Georgetown Law Hosts “Ten Years After the Financial Crisis”
October 9, 2018
Ten years after the worst financial collapse since the Great Depression, our collective memory of the damage caused by the crisis has faded.
Gone are the daily stories of the searing political, economic and emotional losses Americans sustained in 2008 and beyond. More than 23 trillion dollars of wealth disappeared during the crisis years. By 2010, 42 million citizens had fallen into poverty, the largest number since the Census Bureau first published these estimates in 1959. The San Francisco Federal Reserve found that the crisis imposed lifetime economic losses of $70,000 upon every American, losses that are likely to be permanent.
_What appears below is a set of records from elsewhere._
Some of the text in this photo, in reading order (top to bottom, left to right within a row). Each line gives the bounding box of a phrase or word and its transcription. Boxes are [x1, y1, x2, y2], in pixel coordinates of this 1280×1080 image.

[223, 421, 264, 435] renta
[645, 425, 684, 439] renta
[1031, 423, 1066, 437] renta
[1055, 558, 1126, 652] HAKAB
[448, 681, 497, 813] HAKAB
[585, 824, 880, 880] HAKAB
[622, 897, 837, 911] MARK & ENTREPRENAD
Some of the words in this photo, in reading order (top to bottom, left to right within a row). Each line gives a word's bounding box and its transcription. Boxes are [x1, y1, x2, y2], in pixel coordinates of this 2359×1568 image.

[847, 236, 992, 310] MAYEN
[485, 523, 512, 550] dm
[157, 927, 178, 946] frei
“Ten Years After the Financial Crisis: Closing Loopholes and Avoiding Blindspots,” sponsored by Georgetown Law and the Institute for New Economic Thinking on September 28, explored lessons learned, lessons we’ve forgotten and the path forward.
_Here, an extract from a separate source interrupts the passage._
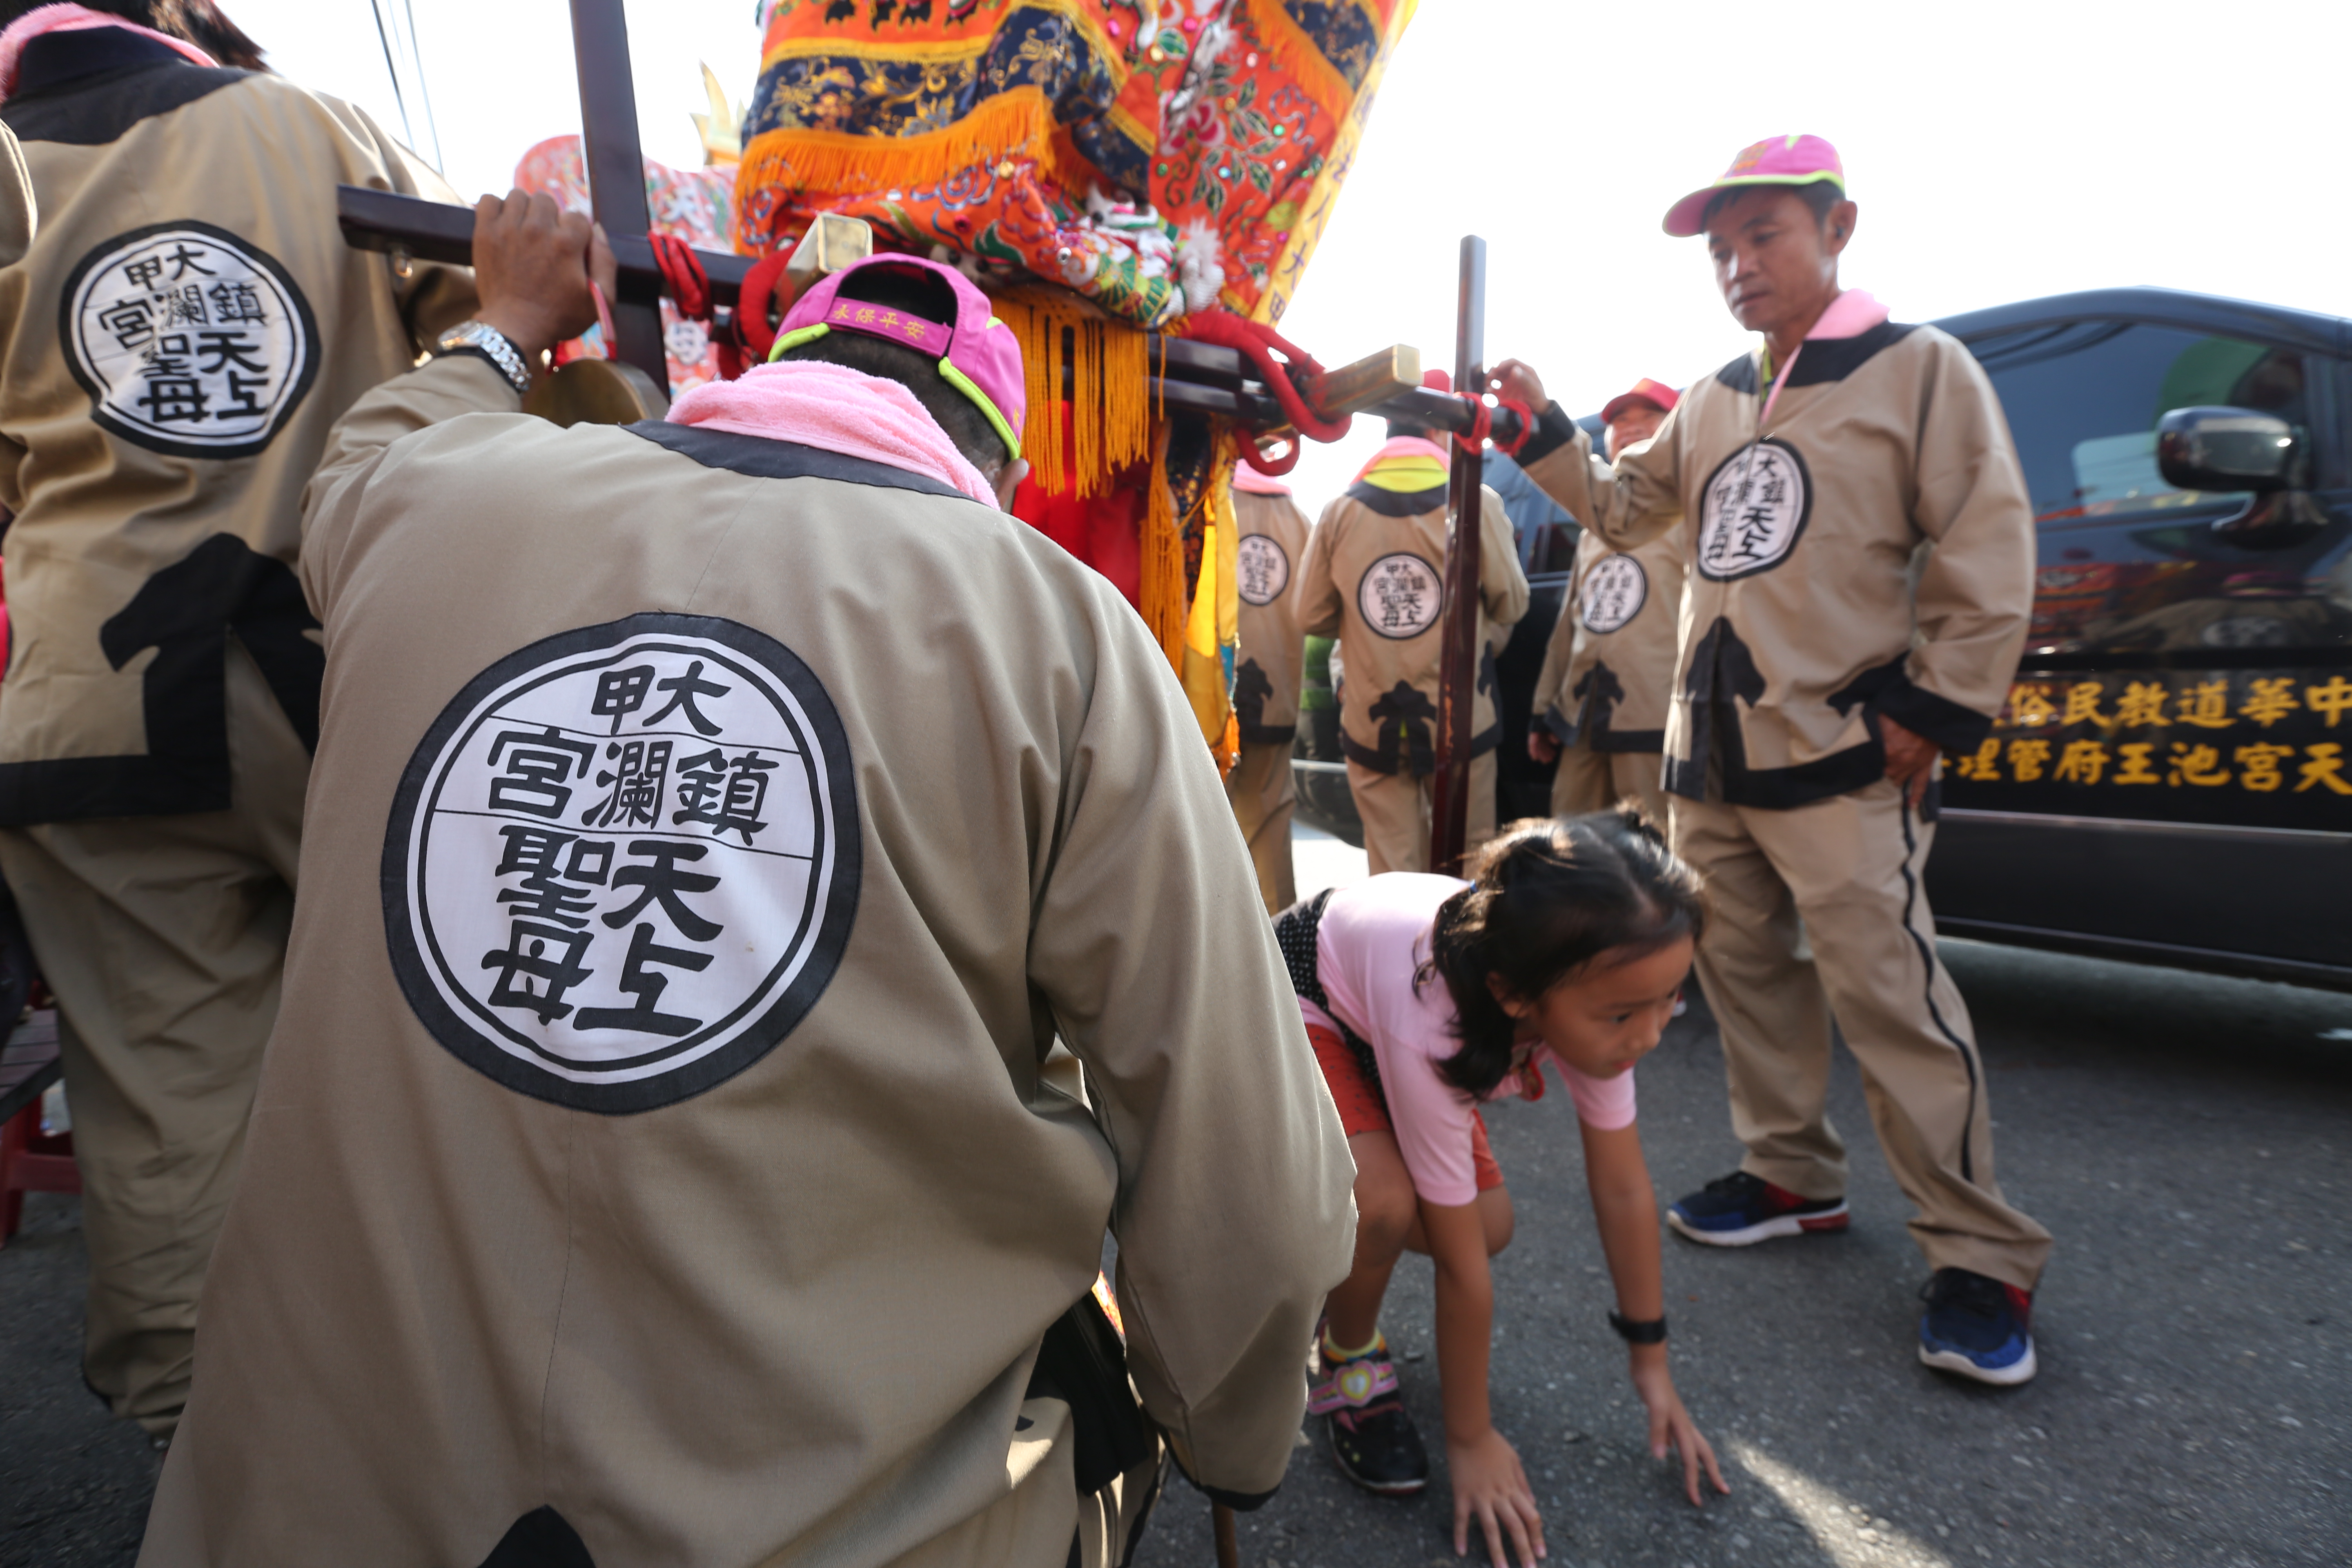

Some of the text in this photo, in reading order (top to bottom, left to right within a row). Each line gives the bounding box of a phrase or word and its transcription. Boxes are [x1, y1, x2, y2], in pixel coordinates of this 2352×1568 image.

The Financial Crisis Inquiry Commission Report found that “this crisis was completely avoidable,” said Professor Emma Coleman Jordan, who organized the conference.
“It wasn’t a natural disaster, nor an unexpected storm. It was instead the result of human action and inaction, not of Mother Nature or computer models gone haywire. The captains of finance and the public stewards of our financial system ignored warnings and failed to question, understand, and manage evolving risks within a system essential to the well-being of the American public. Theirs was a big miss, not a stumble.”
The central reason for organizing this conversation among experts and creative thinkers about the lasting economic, social and political dislocation, she said, is to explore whether we are headed for another financial crisis, despite the changes to bank regulation. The conference was prompted by new warning signs that financial deregulation, risky lending standards and unregulated derivatives have returned.
“Ten years later, our collective memory of the damage caused by that crisis has largely faded,” she said. “We are concerned that there is potential for new damage from a dangerous period of financial crisis amnesia.”
Participants included Sheila Bair, former chair of the FDIC, who delivered a keynote address on “Forgotten Lessons of the Financial Crisis,” that included a look at the 2010 Dodd-Frank Wall Street and Consumer Protection Act; John C. Bogle, founder of The Vanguard Group (via a prerecorded interview with Jordan); as well as Georgetown Law Professors Adam Levitin, Anthony Cook,
Anupam Chander, James Feinerman, Anne Fleming, and Anna Gelpern. Fleming discussed her recent book City of Debtors; Georgetown University Professor George Akerlof, winner of the Nobel Prize in economics and the author of Phishing for Phools, delivered closing remarks.
“I was in New York, and I think everybody remembered it as a time of almost palpable panic,” said Georgetown Law Dean William M. Treanor, who introduced the conference. “I remember walking down the streets and how eerily quiet it was…there was a sense that we were on the cusp of the Great Depression. Every sector was grappling with the day that Lehman Brothers filed for bankruptcy…the Dow went down seven percent…it obviously has transformed economics [and] economic regulation; it’s transformed politics…”
Treanor called Jordan “one of the great voices in our time for justice. In every dimension, she has fought to make this world a more just place. One great focus of her work has been in economic justice and civil rights.”
Jordan spoke to Georgetown Law before the event. “Developments over the last year and a half suggest that banking regulators have forgotten about the disaster of deregulation,” she said. “We hope to raise public awareness that we’re entering a period in which the problems we thought were solved have not been solved.”